* **Material provided**:
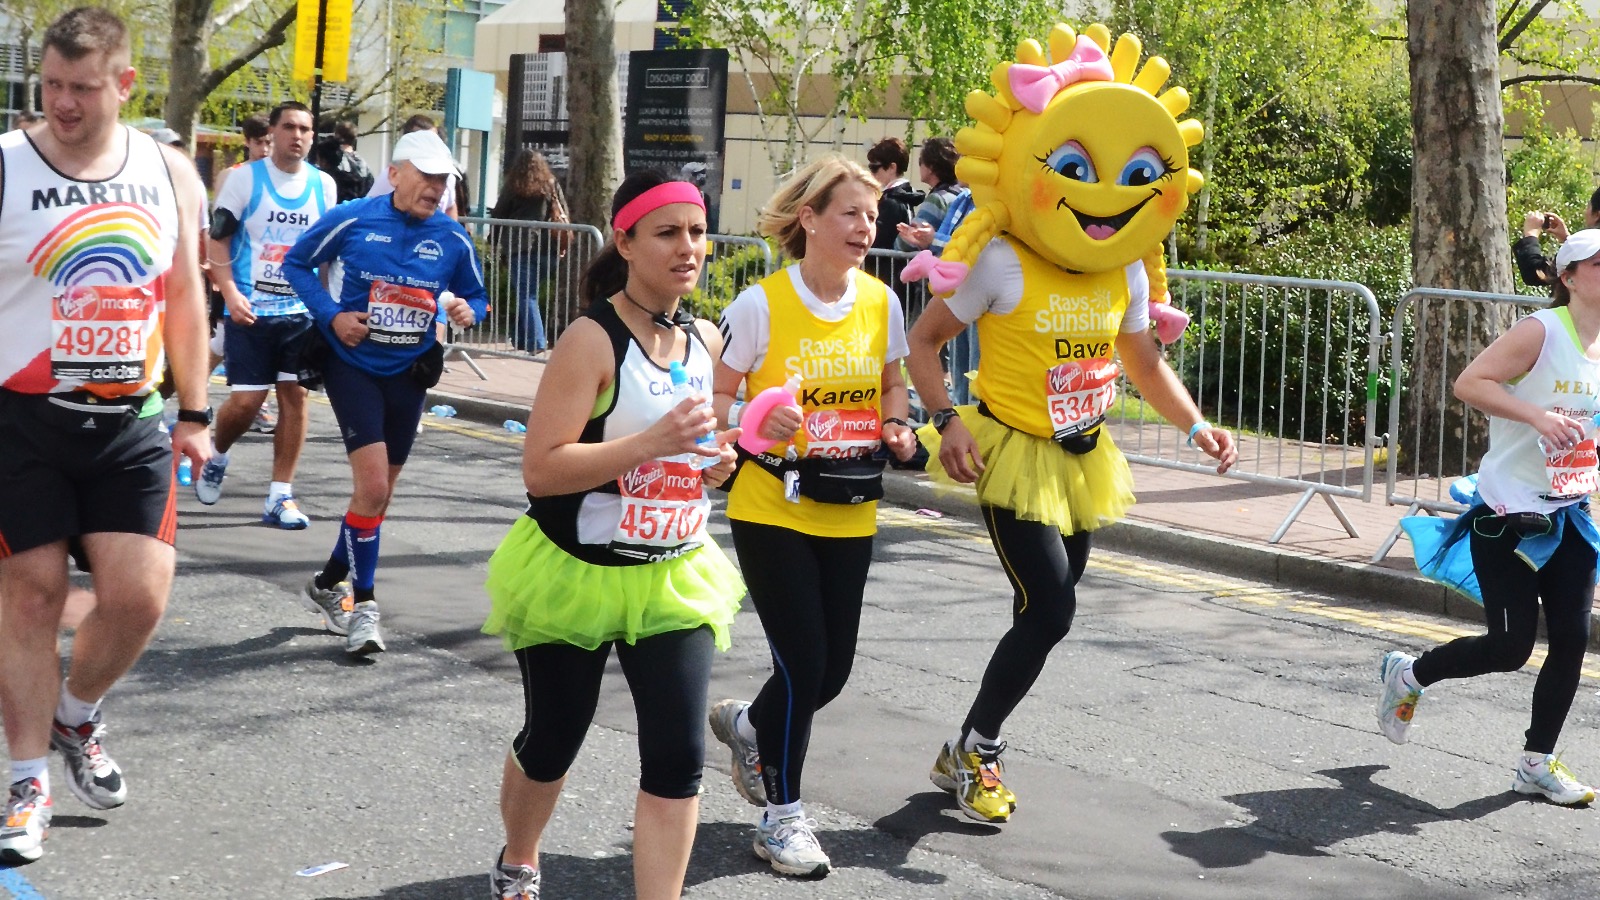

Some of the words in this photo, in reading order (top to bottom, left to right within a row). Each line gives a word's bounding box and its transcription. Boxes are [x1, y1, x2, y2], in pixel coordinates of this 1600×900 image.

[649, 73, 683, 83] DISCOVERY
[685, 73, 706, 83] DOCK
[32, 182, 159, 211] MARTIN
[267, 210, 309, 226] JOSH
[1049, 294, 1090, 313] Rays
[369, 307, 431, 329] 58443
[1034, 308, 1123, 333] Sunshine
[56, 326, 142, 356] 49281
[800, 338, 846, 358] Rays
[1055, 338, 1110, 359] Dave
[92, 365, 141, 380] adidas
[1052, 364, 1081, 392] Virgin
[649, 375, 704, 396] CAHY
[802, 387, 877, 407] Karen
[810, 414, 839, 439] Virgin
[625, 467, 663, 497] Virgin
[620, 504, 703, 541] 45702
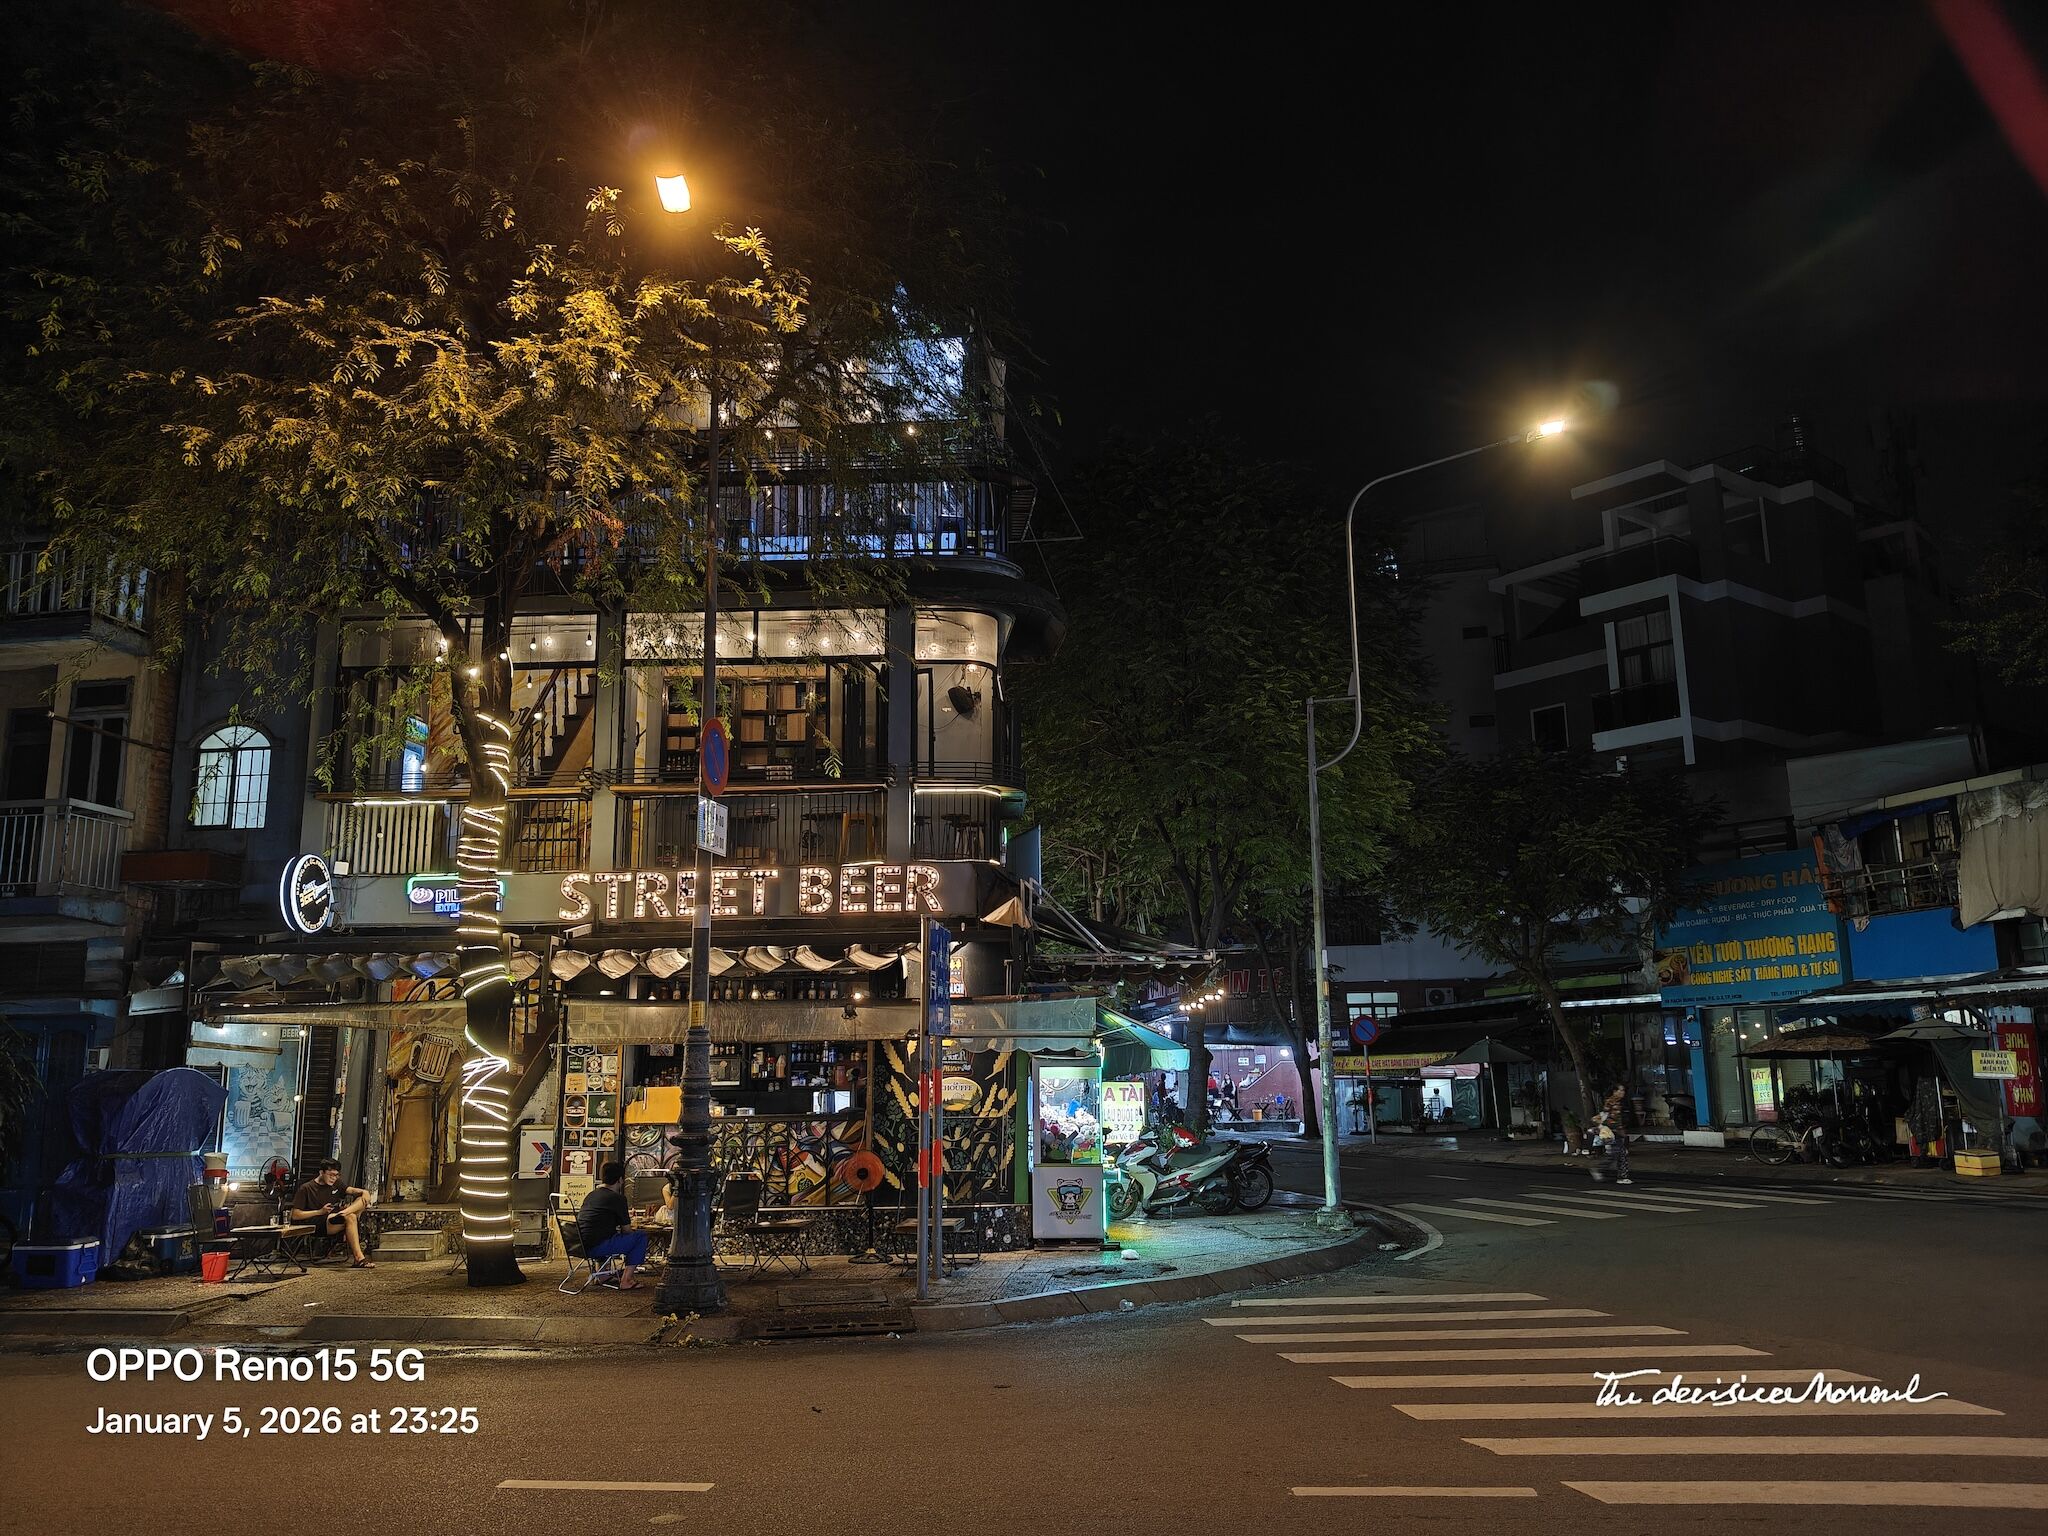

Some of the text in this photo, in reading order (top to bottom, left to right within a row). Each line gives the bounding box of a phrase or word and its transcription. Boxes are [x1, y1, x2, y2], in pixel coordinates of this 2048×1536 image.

[559, 865, 945, 921] STREET BEER
[1696, 895, 1797, 915] WE BEVERAGE DRY FOOD
[1735, 913, 1748, 921] BIA
[1797, 931, 1836, 959] HẠNG
[1781, 963, 1799, 978] HOA
[1801, 962, 1809, 976] &
[281, 1027, 300, 1038] BEER
[1103, 1083, 1143, 1102] A TÀI
[1114, 1123, 1134, 1132] 372

* **Problem details**: Retype every entry exactly as written, but omit the pictures.

* **Answer for this exercise**:
Some of the words in this photo, in reading order (top to bottom, left to right within a row). Each line gives a word's bounding box and its transcription. Boxes are [x1, y1, x2, y2], in pixel coordinates of this 1600×900 image.

[649, 73, 683, 83] DISCOVERY
[685, 73, 706, 83] DOCK
[32, 182, 159, 211] MARTIN
[267, 210, 309, 226] JOSH
[1049, 294, 1090, 313] Rays
[369, 307, 431, 329] 58443
[1034, 308, 1123, 333] Sunshine
[56, 326, 142, 356] 49281
[800, 338, 846, 358] Rays
[1055, 338, 1110, 359] Dave
[92, 365, 141, 380] adidas
[1052, 364, 1081, 392] Virgin
[649, 375, 704, 396] CAHY
[802, 387, 877, 407] Karen
[810, 414, 839, 439] Virgin
[625, 467, 663, 497] Virgin
[620, 504, 703, 541] 45702

Some of the text in this photo, in reading order (top to bottom, left to right within a row). Each line gives the bounding box of a phrase or word and its transcription. Boxes are [x1, y1, x2, y2], in pixel coordinates of this 2048×1536 image.

[559, 865, 945, 921] STREET BEER
[1696, 895, 1797, 915] WE BEVERAGE DRY FOOD
[1735, 913, 1748, 921] BIA
[1797, 931, 1836, 959] HẠNG
[1781, 963, 1799, 978] HOA
[1801, 962, 1809, 976] &
[281, 1027, 300, 1038] BEER
[1103, 1083, 1143, 1102] A TÀI
[1114, 1123, 1134, 1132] 372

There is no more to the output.